Corning adopts measures to discourage blight throughout city

Giving a little more power to Corning’s code enforcement in an effort to erase blight from its downtown and neighborhoods, two ordinances adopted by the City Council now regulate vacant and boarded up buildings, such as the old printing shop on Solano Street that has remained boarded up and unmaintained since it caught fire years ago. 

 

Two ordinances were approved by Corning’s City Council on Tuesday to discourage downtown and residential blight by initiating measures which prohibit property owners in both downtown and residential neighborhoods from leaving their property unmaintained and boarded up, and to impose a vacant building monitoring fee on empty buildings.

City Manager Kristina Miller said vacant buildings which are unmanaged and unmaintained by their owners frequently result in blight, and an attraction to transients and criminals to Corning’s downtown and neighborhoods. This, she added, results in significant costs to the City for law enforcement response, code enforcement, and related issues.

The vacant building ordinance requires owners of vacant buildings to pay a monitoring fee to the City during the time the building remains vacant beyond a 90-day period or is boarded up by the city. The amount of the fees will be set by resolution approved by the City Council. Fees not paid will result in a lien or a special assessment placed on the property, according to the ordinance.

As for boarded up buildings, the City now prohibits property owners from leaving their property boarded up, regardless of whether the owners boarded up the building or the City did the work, for a period of 30 days. It also prohibits the existence of a vacant buildings for more than a 30 day period unless – the building is the subject of an active permit for repair or rehabilitation; the building meets all codes, does not contribute to blight, and is actively being offered for sale, lease or rent; and the city’s building inspector determines the building does not contribute to blight based on certain factors.

In this ordinance, the property owner will be given a notice of violation and have 30 days to remedy the situation. If there are no actions taken by the property owner, administrative penalties will be imposed of no more than $1,000 per building or owner. Each day will be considered a separate offense and a violation of the ordinance will be considered a misdemeanor.
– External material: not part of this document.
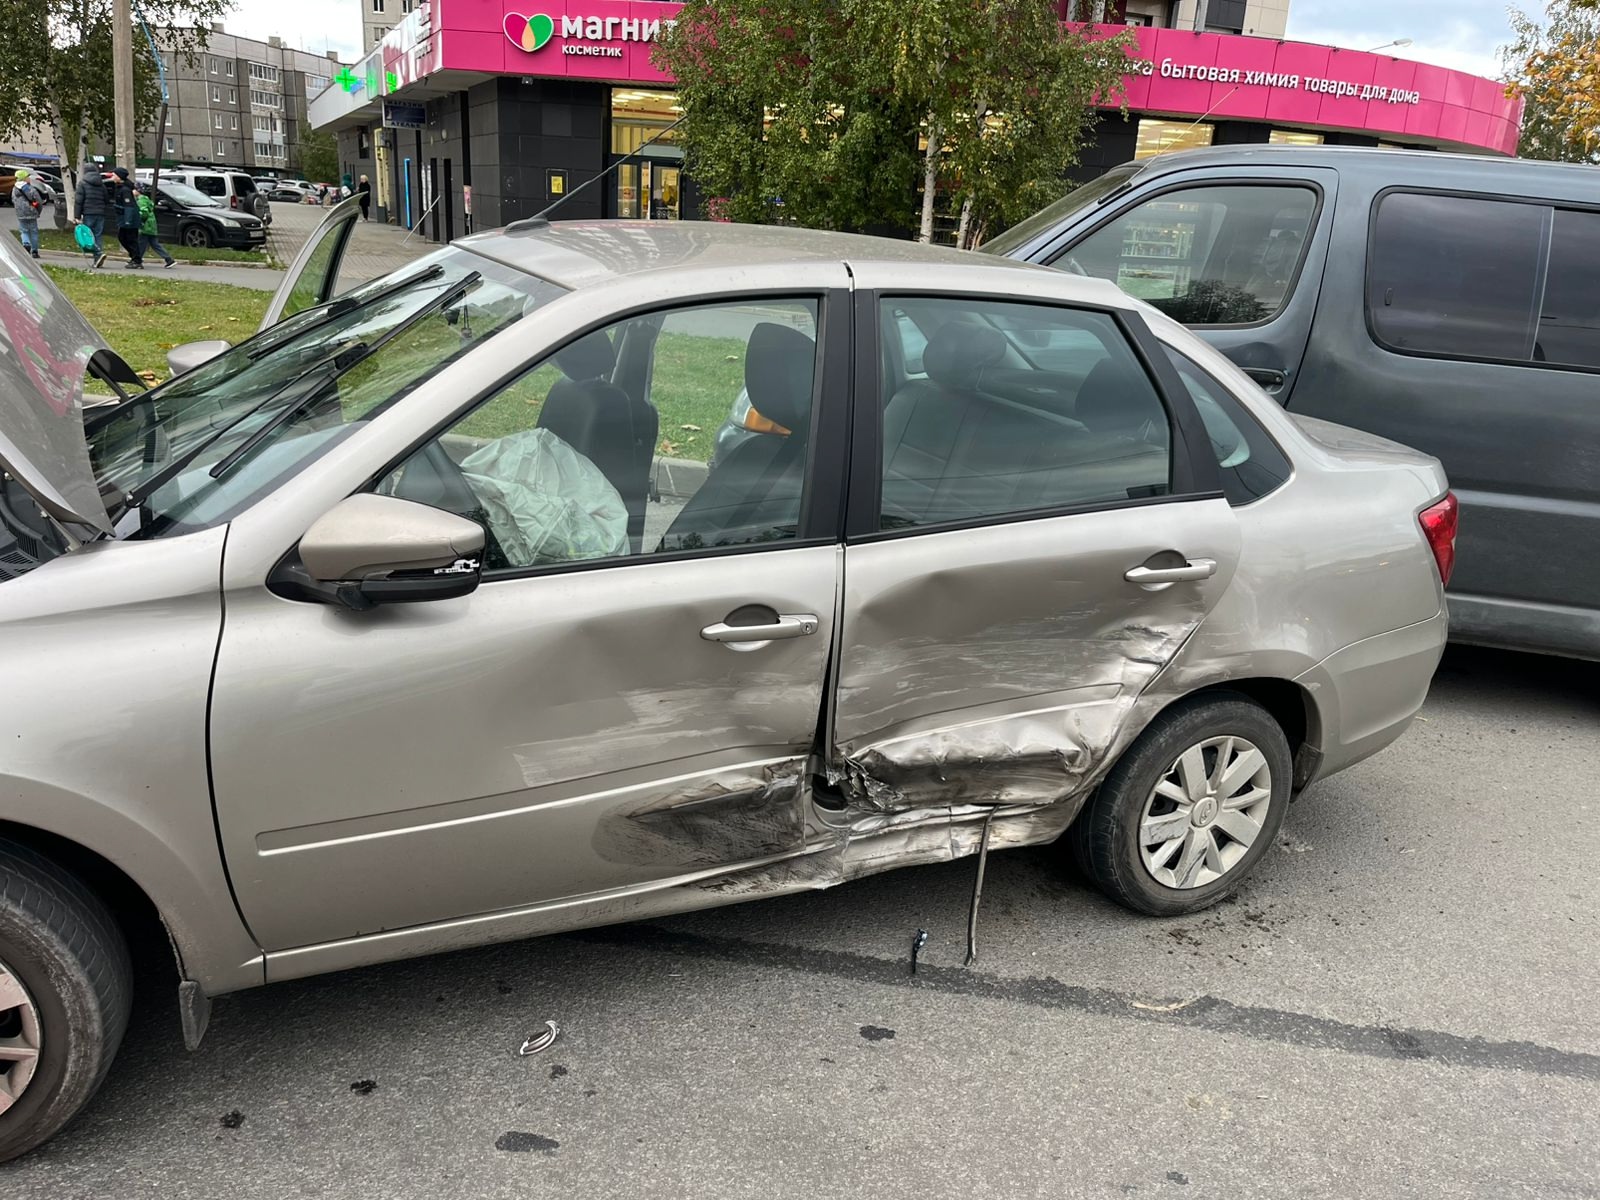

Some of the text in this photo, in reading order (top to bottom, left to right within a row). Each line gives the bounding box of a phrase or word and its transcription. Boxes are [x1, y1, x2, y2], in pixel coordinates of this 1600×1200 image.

The ordinances cite vacant buildings in the community are often used as dumping grounds for junk and debris, including drugs needles and other drug related trash, as well as being overgrown with weeds and grass. In addition, the blight caused by unmaintained and unmanaged buildings creates a  health and safety concern and bring down property values of surrounding real estate.

There is an appeals process set for those designated for alleged violators, which includes a hearing process.

Both ordinances go into full force and become effective 30 days following Tuesday’s adoption.